Island biotas are especially prone to both natural and anthropogenic extinction. This syndrome can be illustrated by the case of the Hawaiian Islands ,an ancient volcanic archipelago in the Pacific Ocean, about 994 mi (1,600 km) from the nearest island group and 2,484 mi (4,000 km) from the nearest continental landmass. At the time of colonization by Polynesians, there were at least 68 endemic species of Hawaiian birds, out of a total richness of land birds of 86 species. Of the initial 68 endemics, 24 are now extinct and 29 are perilously endangered. Especially hard hit has been an endemic family, the Hawaiian honeycreepers (Drepanididae), of which 13 species are believed extinct, and 12 endangered. More than 50 alien species of birds have been introduced to the Hawaiian Islands, but this gain hardly compensates for the loss and endangerment of specifically evolved endemics. Similarly, the native flora of the islands is estimated to have been comprised of 1,7652,000 taxa of angiosperm plants, of which at least 94% were endemic. During the last two centuries, more than 100 native plants have become extinct, and the survival of at least an additional 500 taxa is threatened or endangered, some now being represented by only single individuals. The most important causes of extinction of Hawaiian biota have been the conversion of natural ecosystems to agricultural and urban landscapes, the introduction of alien predators, competitors, herbivores, and diseases, and to some extent, aboriginal over-hunting of some species of bird.

Overhunting has been an important cause of extinction, but in modern times habitat destruction is the most important reason for the event of mass extinction that Earth's biodiversity is now experiencing. As was noted previously, most of the global biodiversity is comprised of millions of as yet undescribed taxa of tropical insects and other organisms. Because of the extreme endemism of most tropical biota, it is likely that many species will become extinct as a result of the clearing of natural tropical habitats, especially forest, and its conversion to other types of habitat.

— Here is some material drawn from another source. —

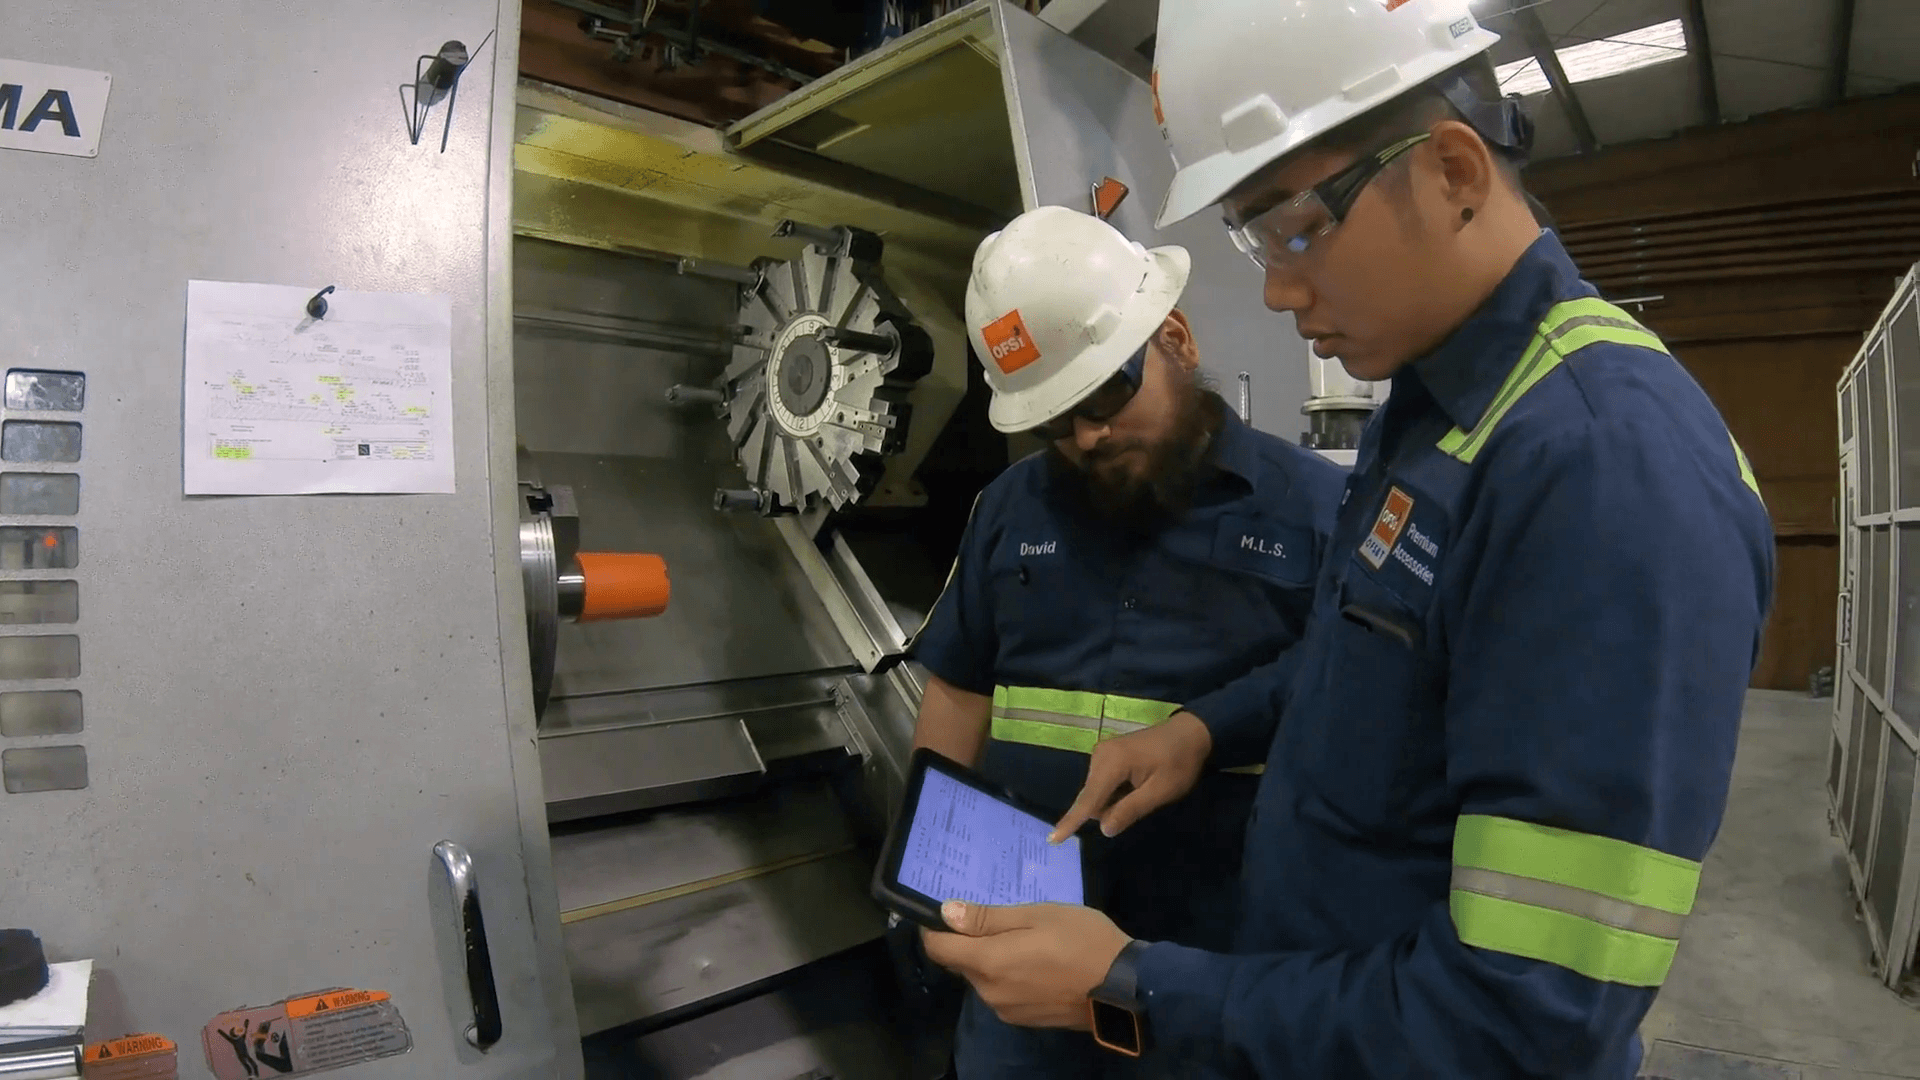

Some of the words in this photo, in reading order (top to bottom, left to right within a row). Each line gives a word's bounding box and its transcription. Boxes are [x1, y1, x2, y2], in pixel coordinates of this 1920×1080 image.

The amount and rate of deforestation in the tropics are increasing rapidly, in contrast to the situation at higher latitudes where forest cover is relatively stable. Between the mid 1960s and the mid 1980s there was little change (less than 2%) in the forest area of North America, but in Central America forest cover decreased by 17%, and in South America by 7% (but by a larger%age in equatorial countries of South America). The global rate of clearing of tropical rain forest in the mid 1980s was equivalent to 68% of that biome per year, a rate that if projected into the future would predict a biome half-life of only nine to 12 years. Some of the cleared forest will regenerate through secondary succession , which would ultimately produce another mature forest. Little is known, however, about the rate and biological character of succession in tropical rainforests, or how long it would take to restore a fully biodiverse ecosystem after disturbance.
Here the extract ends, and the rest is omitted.